Text-to-region grounding data —
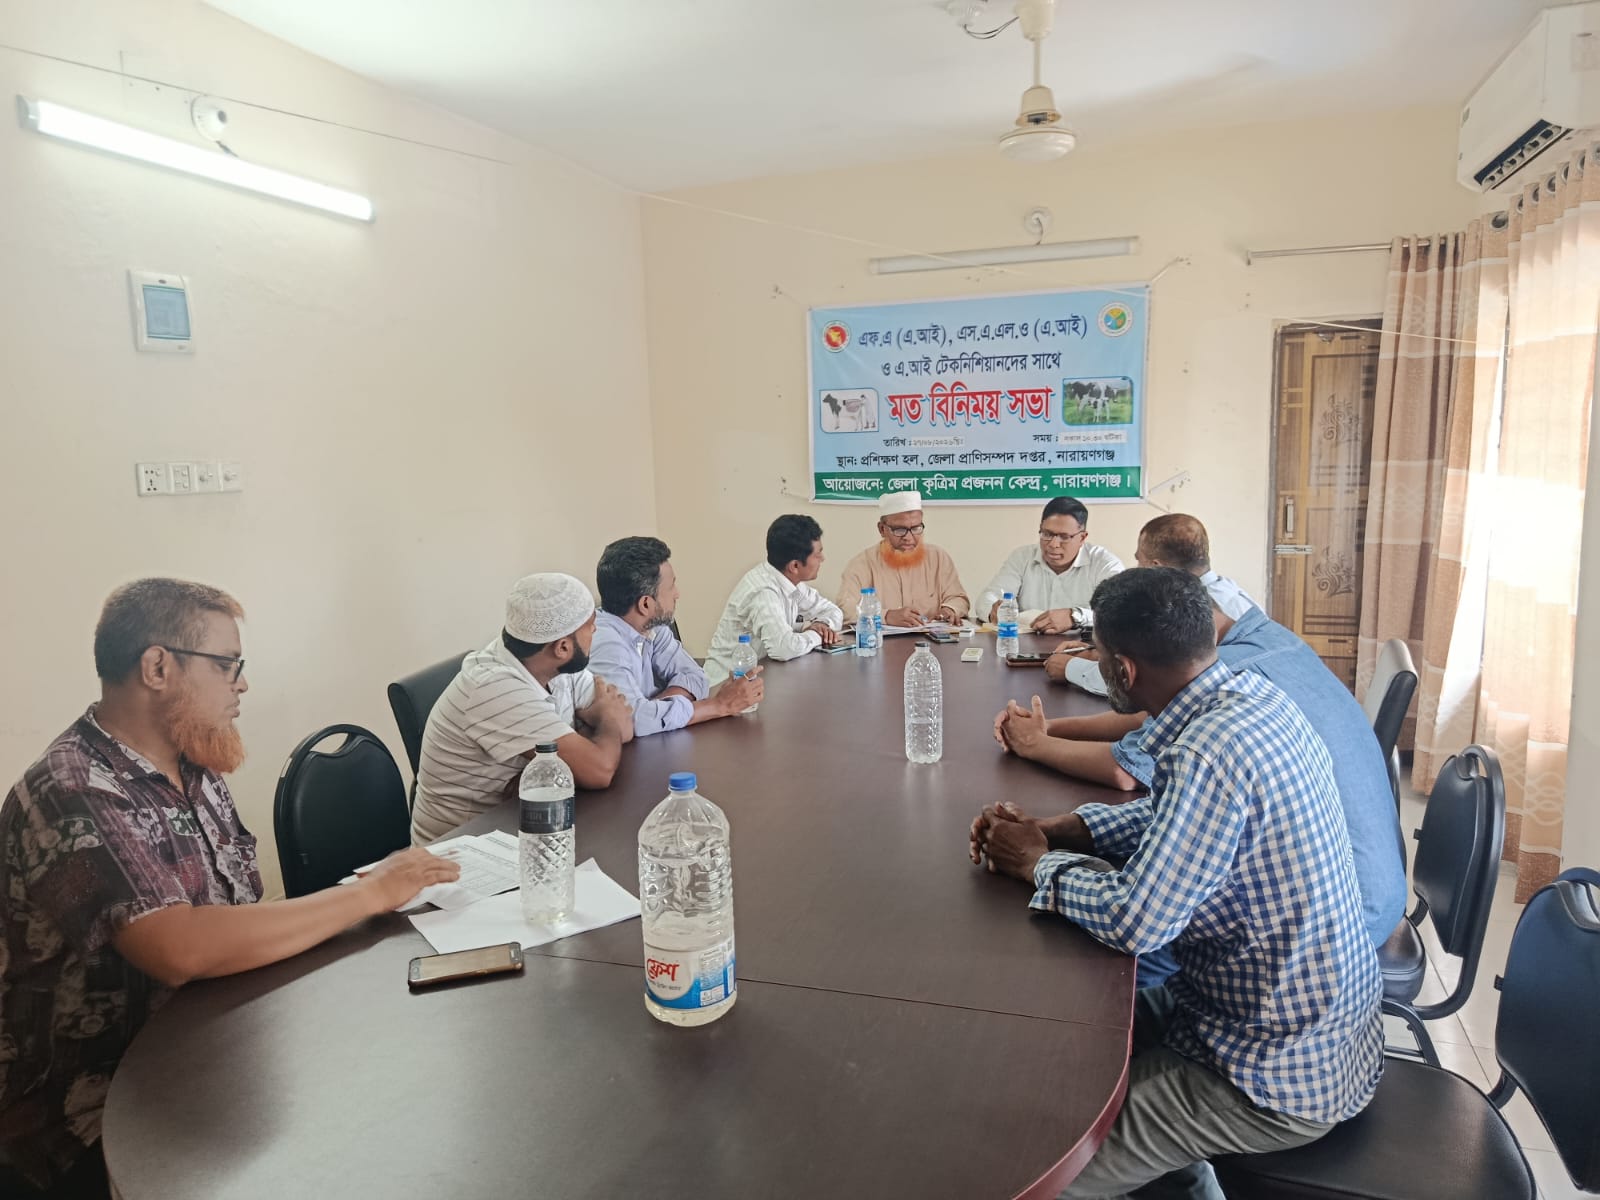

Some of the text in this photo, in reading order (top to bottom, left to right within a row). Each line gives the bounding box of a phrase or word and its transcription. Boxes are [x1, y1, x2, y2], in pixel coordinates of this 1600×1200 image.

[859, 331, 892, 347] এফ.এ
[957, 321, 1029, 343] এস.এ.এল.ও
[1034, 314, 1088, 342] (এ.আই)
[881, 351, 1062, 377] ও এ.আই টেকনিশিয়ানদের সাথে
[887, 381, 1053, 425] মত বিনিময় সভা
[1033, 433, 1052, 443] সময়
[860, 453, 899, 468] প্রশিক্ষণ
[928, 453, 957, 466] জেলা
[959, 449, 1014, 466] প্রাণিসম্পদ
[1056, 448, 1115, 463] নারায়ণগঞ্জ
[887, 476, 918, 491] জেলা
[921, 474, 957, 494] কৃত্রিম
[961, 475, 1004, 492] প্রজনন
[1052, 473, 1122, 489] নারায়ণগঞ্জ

TASK DESCRIPTION —
Omit the images and transcribe all of the records above word for word.

WRITTEN ANSWER —
Some of the text in this photo, in reading order (top to bottom, left to right within a row). Each line gives the bounding box of a phrase or word and its transcription. Boxes are [x1, y1, x2, y2], in pixel coordinates of this 1600×1200 image.

[859, 331, 892, 347] এফ.এ
[957, 321, 1029, 343] এস.এ.এল.ও
[1034, 314, 1088, 342] (এ.আই)
[881, 351, 1062, 377] ও এ.আই টেকনিশিয়ানদের সাথে
[887, 381, 1053, 425] মত বিনিময় সভা
[1033, 433, 1052, 443] সময়
[860, 453, 899, 468] প্রশিক্ষণ
[928, 453, 957, 466] জেলা
[959, 449, 1014, 466] প্রাণিসম্পদ
[1056, 448, 1115, 463] নারায়ণগঞ্জ
[887, 476, 918, 491] জেলা
[921, 474, 957, 494] কৃত্রিম
[961, 475, 1004, 492] প্রজনন
[1052, 473, 1122, 489] নারায়ণগঞ্জ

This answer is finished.